▶ **Exercise aim**:
Please retype, character for character, the portion of the entries below that runs from the line containing "this 1824×1824 image." to the last line.

··· Stored data ···

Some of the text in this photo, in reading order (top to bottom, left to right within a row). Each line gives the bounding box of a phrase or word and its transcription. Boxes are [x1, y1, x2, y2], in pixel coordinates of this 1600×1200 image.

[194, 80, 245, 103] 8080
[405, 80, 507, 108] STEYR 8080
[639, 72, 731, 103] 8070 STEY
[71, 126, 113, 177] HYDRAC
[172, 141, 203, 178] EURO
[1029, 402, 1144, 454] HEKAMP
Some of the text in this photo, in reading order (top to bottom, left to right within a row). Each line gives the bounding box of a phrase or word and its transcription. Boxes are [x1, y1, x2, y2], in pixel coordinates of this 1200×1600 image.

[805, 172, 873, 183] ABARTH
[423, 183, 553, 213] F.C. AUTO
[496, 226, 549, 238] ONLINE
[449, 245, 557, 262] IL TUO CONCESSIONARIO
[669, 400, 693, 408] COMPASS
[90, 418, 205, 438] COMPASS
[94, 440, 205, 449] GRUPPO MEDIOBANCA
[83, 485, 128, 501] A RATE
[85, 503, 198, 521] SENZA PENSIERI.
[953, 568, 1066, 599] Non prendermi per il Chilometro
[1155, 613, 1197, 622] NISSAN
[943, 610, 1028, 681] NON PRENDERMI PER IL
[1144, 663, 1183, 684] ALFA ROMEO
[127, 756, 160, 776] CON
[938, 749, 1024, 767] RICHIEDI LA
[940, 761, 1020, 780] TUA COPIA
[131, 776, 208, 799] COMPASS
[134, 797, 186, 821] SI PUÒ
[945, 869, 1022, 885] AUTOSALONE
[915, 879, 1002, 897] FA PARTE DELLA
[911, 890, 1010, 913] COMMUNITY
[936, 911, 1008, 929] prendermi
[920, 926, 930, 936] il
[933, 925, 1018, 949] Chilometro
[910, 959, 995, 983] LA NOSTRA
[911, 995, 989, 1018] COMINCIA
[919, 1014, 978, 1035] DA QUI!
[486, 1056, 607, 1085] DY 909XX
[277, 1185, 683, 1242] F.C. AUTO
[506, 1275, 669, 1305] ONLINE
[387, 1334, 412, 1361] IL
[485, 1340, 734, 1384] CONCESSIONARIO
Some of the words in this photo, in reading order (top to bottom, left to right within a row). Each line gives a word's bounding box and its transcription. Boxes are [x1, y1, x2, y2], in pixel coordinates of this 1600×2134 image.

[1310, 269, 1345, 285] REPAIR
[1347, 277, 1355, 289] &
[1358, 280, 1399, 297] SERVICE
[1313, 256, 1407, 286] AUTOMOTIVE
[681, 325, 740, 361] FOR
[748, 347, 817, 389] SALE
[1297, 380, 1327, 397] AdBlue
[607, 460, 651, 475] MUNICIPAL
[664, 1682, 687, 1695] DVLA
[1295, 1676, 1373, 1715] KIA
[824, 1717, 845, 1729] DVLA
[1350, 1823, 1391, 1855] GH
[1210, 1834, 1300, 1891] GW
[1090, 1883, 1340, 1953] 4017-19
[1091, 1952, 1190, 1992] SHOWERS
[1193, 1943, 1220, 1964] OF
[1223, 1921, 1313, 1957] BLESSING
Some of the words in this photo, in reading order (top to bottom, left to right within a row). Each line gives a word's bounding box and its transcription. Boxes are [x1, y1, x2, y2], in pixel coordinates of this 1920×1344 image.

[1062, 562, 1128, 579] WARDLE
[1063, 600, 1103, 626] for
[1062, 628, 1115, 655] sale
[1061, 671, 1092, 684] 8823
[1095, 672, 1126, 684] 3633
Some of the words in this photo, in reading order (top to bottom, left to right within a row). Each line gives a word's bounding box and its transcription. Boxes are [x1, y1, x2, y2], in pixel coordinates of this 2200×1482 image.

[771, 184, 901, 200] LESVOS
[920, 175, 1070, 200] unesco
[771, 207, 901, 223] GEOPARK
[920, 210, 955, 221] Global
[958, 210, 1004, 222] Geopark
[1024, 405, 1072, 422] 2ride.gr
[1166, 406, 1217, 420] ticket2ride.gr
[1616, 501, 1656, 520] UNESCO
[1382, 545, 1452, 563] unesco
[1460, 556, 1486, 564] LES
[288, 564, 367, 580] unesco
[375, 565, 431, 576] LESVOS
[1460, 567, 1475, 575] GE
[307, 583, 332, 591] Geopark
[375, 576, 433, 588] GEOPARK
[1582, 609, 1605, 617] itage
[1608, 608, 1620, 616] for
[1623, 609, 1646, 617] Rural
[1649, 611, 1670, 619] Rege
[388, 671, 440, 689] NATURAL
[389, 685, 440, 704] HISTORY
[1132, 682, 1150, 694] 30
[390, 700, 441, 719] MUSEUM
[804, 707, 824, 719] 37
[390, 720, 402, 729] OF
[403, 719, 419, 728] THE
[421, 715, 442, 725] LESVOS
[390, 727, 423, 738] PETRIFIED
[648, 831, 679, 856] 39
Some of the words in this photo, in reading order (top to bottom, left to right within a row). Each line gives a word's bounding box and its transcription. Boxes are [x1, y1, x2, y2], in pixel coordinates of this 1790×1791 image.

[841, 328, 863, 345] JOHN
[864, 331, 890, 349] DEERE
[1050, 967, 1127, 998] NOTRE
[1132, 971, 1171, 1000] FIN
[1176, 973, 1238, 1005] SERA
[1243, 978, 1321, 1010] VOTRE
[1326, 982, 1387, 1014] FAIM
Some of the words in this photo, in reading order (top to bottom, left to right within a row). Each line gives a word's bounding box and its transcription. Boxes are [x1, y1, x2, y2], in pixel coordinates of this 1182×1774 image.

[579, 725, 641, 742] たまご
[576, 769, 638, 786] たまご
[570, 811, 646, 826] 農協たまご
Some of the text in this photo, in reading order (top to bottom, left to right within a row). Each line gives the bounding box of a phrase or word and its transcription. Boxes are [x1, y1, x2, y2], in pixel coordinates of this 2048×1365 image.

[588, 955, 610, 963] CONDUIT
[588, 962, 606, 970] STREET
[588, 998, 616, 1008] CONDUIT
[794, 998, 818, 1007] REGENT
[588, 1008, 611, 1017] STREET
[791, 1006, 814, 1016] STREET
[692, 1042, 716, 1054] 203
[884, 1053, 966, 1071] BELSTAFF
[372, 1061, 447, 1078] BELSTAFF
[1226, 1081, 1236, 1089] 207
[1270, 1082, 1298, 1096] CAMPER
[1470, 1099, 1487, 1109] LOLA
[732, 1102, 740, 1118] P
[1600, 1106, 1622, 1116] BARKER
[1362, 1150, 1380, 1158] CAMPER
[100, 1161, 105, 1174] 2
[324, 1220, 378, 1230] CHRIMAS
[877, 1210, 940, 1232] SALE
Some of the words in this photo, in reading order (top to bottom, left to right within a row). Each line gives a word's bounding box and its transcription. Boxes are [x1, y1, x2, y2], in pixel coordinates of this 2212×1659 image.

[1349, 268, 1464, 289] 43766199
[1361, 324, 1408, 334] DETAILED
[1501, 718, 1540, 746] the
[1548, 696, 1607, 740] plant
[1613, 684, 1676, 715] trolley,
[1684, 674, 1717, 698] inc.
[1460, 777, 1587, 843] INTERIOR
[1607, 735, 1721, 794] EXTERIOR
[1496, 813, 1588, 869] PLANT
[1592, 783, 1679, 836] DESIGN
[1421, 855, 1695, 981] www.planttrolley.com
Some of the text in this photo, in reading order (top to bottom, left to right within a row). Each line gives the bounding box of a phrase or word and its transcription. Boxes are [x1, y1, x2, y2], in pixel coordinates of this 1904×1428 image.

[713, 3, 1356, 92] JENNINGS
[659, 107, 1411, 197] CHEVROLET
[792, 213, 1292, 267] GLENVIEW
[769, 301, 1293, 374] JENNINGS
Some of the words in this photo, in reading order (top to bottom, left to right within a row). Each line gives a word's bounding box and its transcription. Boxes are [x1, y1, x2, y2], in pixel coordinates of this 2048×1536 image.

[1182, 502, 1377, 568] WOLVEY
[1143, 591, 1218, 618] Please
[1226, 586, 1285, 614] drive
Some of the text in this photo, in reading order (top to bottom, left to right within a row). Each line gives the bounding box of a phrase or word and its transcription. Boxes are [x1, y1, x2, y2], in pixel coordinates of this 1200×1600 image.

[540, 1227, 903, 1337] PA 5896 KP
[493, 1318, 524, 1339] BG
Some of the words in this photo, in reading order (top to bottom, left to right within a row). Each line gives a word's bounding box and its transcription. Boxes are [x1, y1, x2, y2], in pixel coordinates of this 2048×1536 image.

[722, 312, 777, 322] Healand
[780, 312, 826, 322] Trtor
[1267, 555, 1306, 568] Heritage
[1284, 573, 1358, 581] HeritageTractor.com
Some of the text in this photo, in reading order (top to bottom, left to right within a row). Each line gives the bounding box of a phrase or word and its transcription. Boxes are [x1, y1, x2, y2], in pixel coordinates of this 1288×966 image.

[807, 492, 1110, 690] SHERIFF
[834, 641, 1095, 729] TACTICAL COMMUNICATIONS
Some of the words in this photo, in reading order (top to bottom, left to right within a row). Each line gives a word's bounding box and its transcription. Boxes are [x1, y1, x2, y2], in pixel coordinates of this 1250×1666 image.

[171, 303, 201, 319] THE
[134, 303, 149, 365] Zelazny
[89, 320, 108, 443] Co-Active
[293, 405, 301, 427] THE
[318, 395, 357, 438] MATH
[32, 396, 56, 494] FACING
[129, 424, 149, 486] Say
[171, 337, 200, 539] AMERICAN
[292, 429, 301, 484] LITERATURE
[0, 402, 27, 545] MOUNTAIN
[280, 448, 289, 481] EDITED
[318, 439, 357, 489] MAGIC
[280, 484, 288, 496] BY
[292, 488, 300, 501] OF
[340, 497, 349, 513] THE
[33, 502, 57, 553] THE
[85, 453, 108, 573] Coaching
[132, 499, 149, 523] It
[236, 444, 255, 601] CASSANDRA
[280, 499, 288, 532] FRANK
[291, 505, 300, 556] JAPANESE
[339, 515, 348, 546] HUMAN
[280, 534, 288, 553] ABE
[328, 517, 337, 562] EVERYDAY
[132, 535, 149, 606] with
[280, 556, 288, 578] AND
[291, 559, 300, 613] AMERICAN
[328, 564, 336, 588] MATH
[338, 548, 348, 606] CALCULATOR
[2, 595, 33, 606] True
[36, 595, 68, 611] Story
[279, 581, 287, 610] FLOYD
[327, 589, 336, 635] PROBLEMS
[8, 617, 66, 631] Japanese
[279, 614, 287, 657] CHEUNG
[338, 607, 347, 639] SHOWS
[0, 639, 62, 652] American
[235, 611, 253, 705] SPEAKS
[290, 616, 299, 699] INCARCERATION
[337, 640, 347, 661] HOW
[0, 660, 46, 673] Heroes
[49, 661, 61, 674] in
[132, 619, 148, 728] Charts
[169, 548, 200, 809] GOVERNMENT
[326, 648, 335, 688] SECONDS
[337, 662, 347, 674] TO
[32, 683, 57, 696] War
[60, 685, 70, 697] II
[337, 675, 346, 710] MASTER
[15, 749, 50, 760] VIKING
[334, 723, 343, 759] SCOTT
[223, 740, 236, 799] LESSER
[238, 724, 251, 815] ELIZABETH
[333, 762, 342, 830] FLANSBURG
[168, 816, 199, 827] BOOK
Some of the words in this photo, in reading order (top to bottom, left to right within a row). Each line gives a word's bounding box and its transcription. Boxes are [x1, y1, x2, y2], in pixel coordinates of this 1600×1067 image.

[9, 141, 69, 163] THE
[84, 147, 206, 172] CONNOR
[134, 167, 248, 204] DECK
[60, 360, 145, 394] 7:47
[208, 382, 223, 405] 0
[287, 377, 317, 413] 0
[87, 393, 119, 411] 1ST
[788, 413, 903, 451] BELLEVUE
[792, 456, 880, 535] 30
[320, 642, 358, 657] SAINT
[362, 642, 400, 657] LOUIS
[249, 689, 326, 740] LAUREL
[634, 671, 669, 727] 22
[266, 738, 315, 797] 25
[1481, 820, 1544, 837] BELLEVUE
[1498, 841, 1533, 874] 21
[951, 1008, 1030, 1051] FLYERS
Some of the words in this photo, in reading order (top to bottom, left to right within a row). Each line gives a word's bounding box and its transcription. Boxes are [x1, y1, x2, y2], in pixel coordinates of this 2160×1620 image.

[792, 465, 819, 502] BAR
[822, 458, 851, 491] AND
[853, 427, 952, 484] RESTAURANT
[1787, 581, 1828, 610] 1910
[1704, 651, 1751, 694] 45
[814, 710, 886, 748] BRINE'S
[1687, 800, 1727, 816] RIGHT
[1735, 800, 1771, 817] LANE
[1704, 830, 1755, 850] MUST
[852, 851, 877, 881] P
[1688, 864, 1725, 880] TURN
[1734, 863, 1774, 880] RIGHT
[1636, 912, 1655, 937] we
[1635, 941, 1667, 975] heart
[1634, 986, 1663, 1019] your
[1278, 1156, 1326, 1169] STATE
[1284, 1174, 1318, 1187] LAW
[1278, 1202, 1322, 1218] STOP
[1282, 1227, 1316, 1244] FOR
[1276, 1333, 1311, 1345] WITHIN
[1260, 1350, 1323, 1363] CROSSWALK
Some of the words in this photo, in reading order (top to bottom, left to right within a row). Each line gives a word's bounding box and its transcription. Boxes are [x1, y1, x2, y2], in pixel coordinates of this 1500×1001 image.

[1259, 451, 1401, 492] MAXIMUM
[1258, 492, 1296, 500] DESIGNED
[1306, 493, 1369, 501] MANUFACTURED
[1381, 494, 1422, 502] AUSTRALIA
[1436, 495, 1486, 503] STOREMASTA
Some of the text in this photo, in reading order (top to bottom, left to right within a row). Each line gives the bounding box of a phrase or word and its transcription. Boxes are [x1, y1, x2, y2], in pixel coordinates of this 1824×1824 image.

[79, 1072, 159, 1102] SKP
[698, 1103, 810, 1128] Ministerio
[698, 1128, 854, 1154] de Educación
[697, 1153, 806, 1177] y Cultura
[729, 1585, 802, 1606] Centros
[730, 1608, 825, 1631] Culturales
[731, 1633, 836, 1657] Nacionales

···

▶ **Response below**:
Some of the text in this photo, in reading order (top to bottom, left to right within a row). Each line gives the bounding box of a phrase or word and its transcription. Boxes are [x1, y1, x2, y2], in pixel coordinates of this 1824×1824 image.

[79, 1072, 159, 1102] SKP
[698, 1103, 810, 1128] Ministerio
[698, 1128, 854, 1154] de Educación
[697, 1153, 806, 1177] y Cultura
[729, 1585, 802, 1606] Centros
[730, 1608, 825, 1631] Culturales
[731, 1633, 836, 1657] Nacionales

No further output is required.